Exercise directions: Please transcribe the records precisely; pictures stay out of your copy.

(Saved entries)
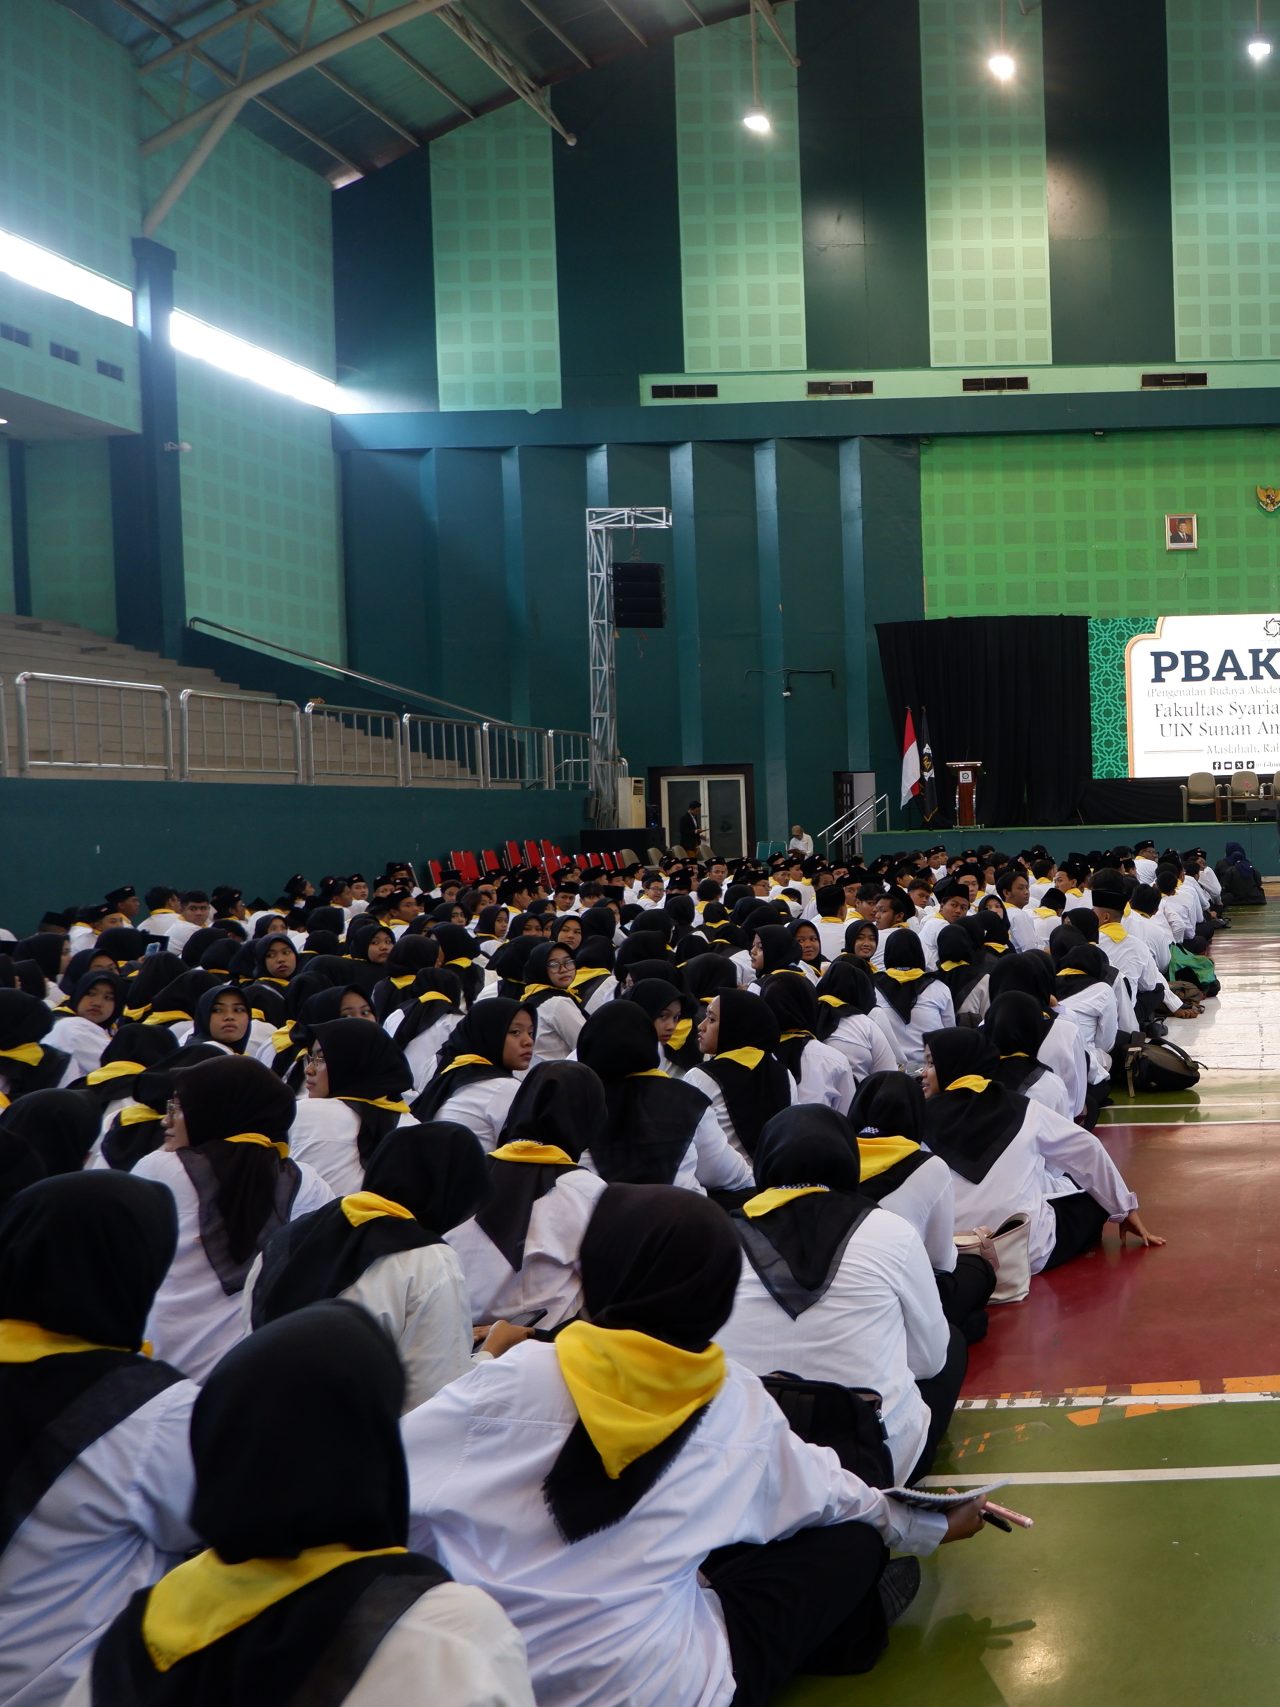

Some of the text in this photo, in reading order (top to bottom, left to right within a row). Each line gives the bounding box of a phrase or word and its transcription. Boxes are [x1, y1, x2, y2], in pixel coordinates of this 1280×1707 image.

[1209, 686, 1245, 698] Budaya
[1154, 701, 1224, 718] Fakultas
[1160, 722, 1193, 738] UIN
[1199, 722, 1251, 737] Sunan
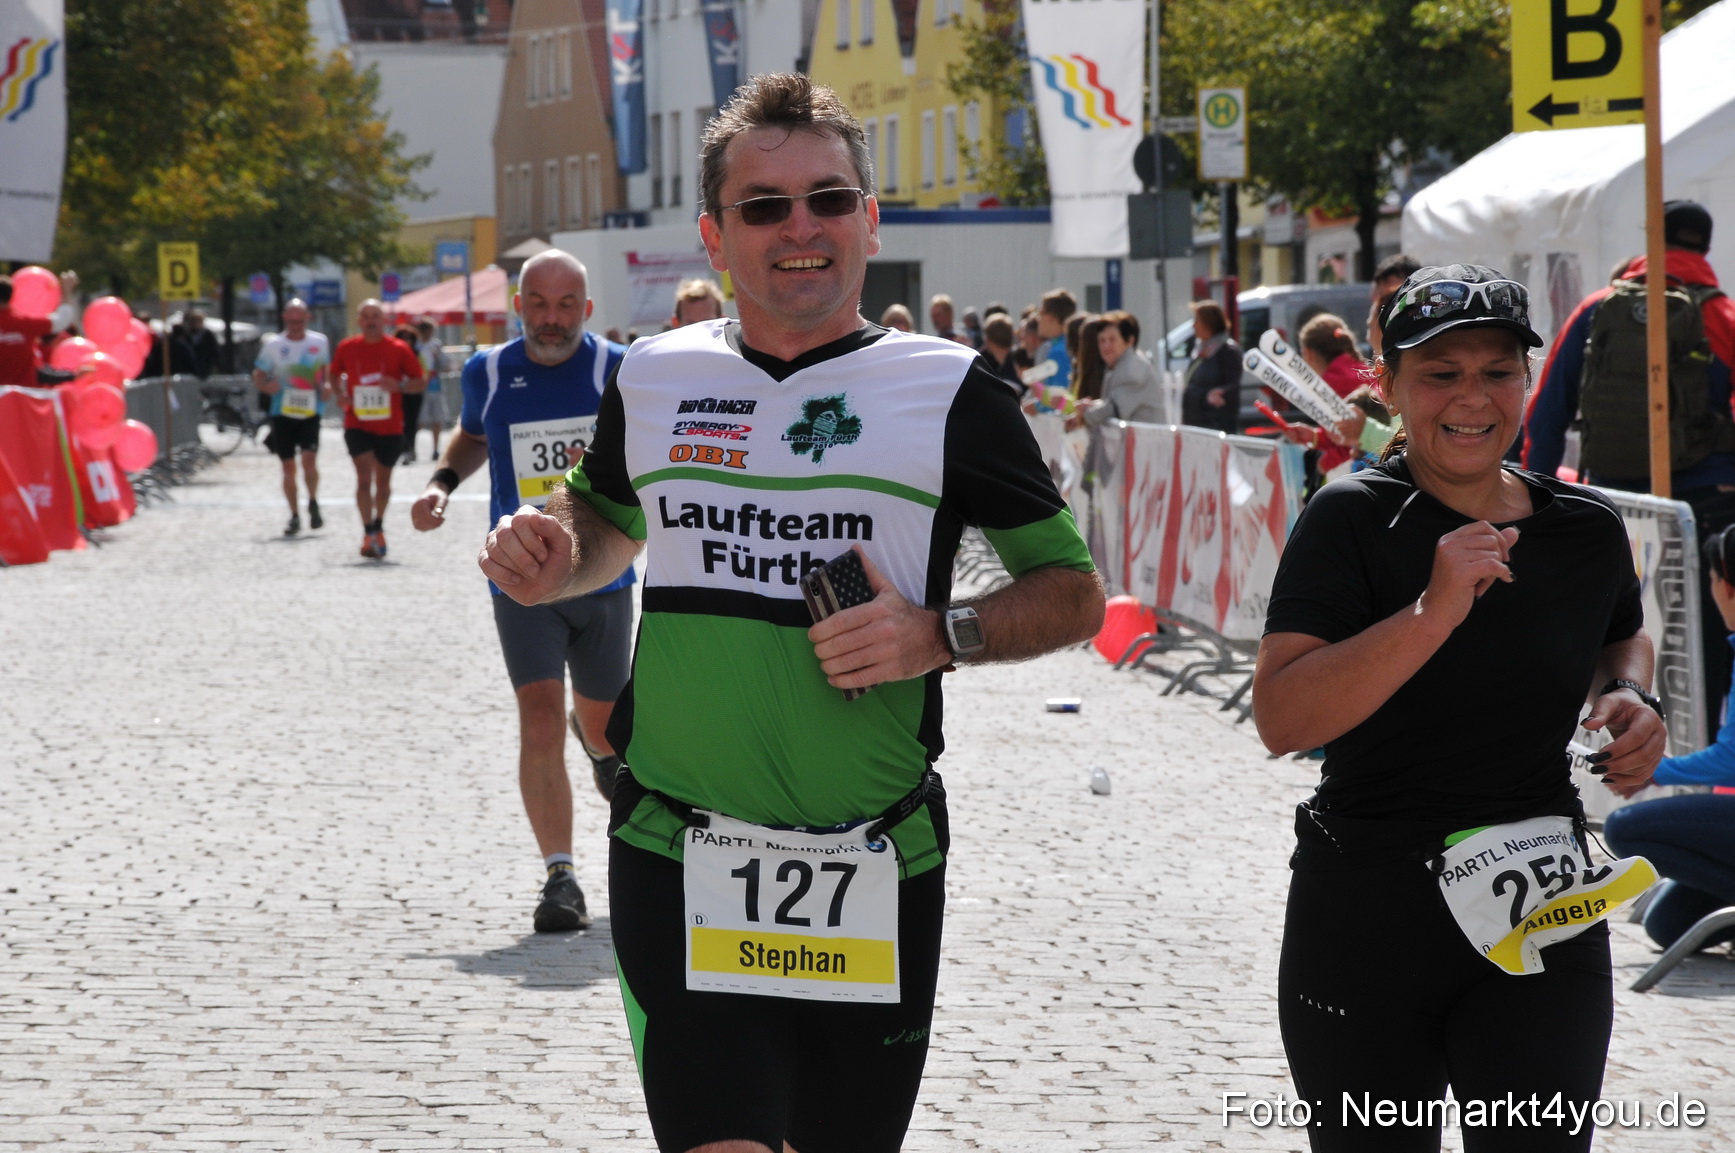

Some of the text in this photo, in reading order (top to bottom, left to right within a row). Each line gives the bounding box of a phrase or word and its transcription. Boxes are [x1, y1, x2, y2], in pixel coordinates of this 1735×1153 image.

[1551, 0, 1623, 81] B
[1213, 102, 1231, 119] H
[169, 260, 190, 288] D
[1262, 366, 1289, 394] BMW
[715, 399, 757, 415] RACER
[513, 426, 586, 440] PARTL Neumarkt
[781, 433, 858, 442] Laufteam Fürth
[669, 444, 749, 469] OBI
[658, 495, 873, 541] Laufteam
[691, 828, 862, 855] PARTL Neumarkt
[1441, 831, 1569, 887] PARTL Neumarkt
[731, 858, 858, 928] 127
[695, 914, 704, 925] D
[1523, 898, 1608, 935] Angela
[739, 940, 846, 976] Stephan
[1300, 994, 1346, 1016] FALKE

The answer:
Some of the text in this photo, in reading order (top to bottom, left to right within a row). Each line gives the bounding box of a phrase or word and its transcription. Boxes are [x1, y1, x2, y2], in pixel coordinates of this 1280×1707 image.

[1209, 686, 1245, 698] Budaya
[1154, 701, 1224, 718] Fakultas
[1160, 722, 1193, 738] UIN
[1199, 722, 1251, 737] Sunan

Some of the text in this photo, in reading order (top to bottom, left to right within a row). Each line gives the bounding box of a phrase or word and its transcription. Boxes are [x1, y1, x2, y2], in pixel coordinates of this 1735×1153 image.

[1551, 0, 1623, 81] B
[1213, 102, 1231, 119] H
[169, 260, 190, 288] D
[1262, 366, 1289, 394] BMW
[715, 399, 757, 415] RACER
[513, 426, 586, 440] PARTL Neumarkt
[781, 433, 858, 442] Laufteam Fürth
[669, 444, 749, 469] OBI
[658, 495, 873, 541] Laufteam
[691, 828, 862, 855] PARTL Neumarkt
[1441, 831, 1569, 887] PARTL Neumarkt
[731, 858, 858, 928] 127
[695, 914, 704, 925] D
[1523, 898, 1608, 935] Angela
[739, 940, 846, 976] Stephan
[1300, 994, 1346, 1016] FALKE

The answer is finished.